_EXERCISE BRIEF_.
An exact copy of every record is needed.

_SUPPLIED RECORDS_.

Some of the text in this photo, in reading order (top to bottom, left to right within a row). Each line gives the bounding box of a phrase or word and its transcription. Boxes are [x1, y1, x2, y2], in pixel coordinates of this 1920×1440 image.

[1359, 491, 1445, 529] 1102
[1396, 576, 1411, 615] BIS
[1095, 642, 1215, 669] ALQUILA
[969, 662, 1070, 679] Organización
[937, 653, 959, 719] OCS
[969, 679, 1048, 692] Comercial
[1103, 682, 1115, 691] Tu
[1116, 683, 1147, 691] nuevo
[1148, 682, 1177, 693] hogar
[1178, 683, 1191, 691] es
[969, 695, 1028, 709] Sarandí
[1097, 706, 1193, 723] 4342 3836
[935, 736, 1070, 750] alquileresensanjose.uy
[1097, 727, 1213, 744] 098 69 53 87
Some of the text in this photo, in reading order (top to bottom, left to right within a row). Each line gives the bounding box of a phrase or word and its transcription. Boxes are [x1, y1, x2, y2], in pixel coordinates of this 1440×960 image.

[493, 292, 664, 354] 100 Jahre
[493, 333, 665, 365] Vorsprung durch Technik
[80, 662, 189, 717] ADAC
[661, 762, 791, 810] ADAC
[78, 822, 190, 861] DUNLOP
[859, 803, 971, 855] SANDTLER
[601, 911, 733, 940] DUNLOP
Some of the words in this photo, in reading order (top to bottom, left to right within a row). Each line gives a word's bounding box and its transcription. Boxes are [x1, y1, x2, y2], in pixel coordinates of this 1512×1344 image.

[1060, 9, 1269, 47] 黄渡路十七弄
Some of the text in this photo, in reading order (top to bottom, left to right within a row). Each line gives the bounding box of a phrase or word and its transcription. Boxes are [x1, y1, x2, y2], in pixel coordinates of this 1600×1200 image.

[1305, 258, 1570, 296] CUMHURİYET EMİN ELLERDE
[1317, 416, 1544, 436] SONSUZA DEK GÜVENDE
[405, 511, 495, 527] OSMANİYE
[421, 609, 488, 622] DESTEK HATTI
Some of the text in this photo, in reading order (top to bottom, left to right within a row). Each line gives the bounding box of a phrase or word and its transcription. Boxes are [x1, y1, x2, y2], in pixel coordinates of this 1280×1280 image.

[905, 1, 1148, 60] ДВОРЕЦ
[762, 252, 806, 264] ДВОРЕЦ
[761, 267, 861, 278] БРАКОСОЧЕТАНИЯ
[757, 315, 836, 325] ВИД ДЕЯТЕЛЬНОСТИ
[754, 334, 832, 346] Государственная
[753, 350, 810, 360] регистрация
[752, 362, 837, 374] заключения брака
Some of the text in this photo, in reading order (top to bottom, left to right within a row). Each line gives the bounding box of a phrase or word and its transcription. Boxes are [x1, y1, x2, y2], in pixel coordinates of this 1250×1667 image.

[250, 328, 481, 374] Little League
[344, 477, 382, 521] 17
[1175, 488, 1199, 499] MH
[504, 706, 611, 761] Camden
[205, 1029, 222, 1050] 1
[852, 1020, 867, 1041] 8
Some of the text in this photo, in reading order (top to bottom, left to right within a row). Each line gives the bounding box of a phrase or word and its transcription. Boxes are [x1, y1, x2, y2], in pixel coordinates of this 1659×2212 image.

_REPLY TO THE TASK_.
Some of the text in this photo, in reading order (top to bottom, left to right within a row). Each line gives the bounding box of a phrase or word and its transcription. Boxes are [x1, y1, x2, y2], in pixel coordinates of this 1920×1440 image.

[1359, 491, 1445, 529] 1102
[1396, 576, 1411, 615] BIS
[1095, 642, 1215, 669] ALQUILA
[969, 662, 1070, 679] Organización
[937, 653, 959, 719] OCS
[969, 679, 1048, 692] Comercial
[1103, 682, 1115, 691] Tu
[1116, 683, 1147, 691] nuevo
[1148, 682, 1177, 693] hogar
[1178, 683, 1191, 691] es
[969, 695, 1028, 709] Sarandí
[1097, 706, 1193, 723] 4342 3836
[935, 736, 1070, 750] alquileresensanjose.uy
[1097, 727, 1213, 744] 098 69 53 87
Some of the text in this photo, in reading order (top to bottom, left to right within a row). Each line gives the bounding box of a phrase or word and its transcription. Boxes are [x1, y1, x2, y2], in pixel coordinates of this 1440×960 image.

[493, 292, 664, 354] 100 Jahre
[493, 333, 665, 365] Vorsprung durch Technik
[80, 662, 189, 717] ADAC
[661, 762, 791, 810] ADAC
[78, 822, 190, 861] DUNLOP
[859, 803, 971, 855] SANDTLER
[601, 911, 733, 940] DUNLOP
Some of the words in this photo, in reading order (top to bottom, left to right within a row). Each line gives a word's bounding box and its transcription. Boxes are [x1, y1, x2, y2], in pixel coordinates of this 1512×1344 image.

[1060, 9, 1269, 47] 黄渡路十七弄
Some of the text in this photo, in reading order (top to bottom, left to right within a row). Each line gives the bounding box of a phrase or word and its transcription. Boxes are [x1, y1, x2, y2], in pixel coordinates of this 1600×1200 image.

[1305, 258, 1570, 296] CUMHURİYET EMİN ELLERDE
[1317, 416, 1544, 436] SONSUZA DEK GÜVENDE
[405, 511, 495, 527] OSMANİYE
[421, 609, 488, 622] DESTEK HATTI
Some of the text in this photo, in reading order (top to bottom, left to right within a row). Each line gives the bounding box of a phrase or word and its transcription. Boxes are [x1, y1, x2, y2], in pixel coordinates of this 1280×1280 image.

[905, 1, 1148, 60] ДВОРЕЦ
[762, 252, 806, 264] ДВОРЕЦ
[761, 267, 861, 278] БРАКОСОЧЕТАНИЯ
[757, 315, 836, 325] ВИД ДЕЯТЕЛЬНОСТИ
[754, 334, 832, 346] Государственная
[753, 350, 810, 360] регистрация
[752, 362, 837, 374] заключения брака
Some of the text in this photo, in reading order (top to bottom, left to right within a row). Each line gives the bounding box of a phrase or word and its transcription. Boxes are [x1, y1, x2, y2], in pixel coordinates of this 1250×1667 image.

[250, 328, 481, 374] Little League
[344, 477, 382, 521] 17
[1175, 488, 1199, 499] MH
[504, 706, 611, 761] Camden
[205, 1029, 222, 1050] 1
[852, 1020, 867, 1041] 8
Some of the text in this photo, in reading order (top to bottom, left to right within a row). Each line gives the bounding box of a phrase or word and its transcription. Boxes are [x1, y1, x2, y2], in pixel coordinates of this 1659×2212 image.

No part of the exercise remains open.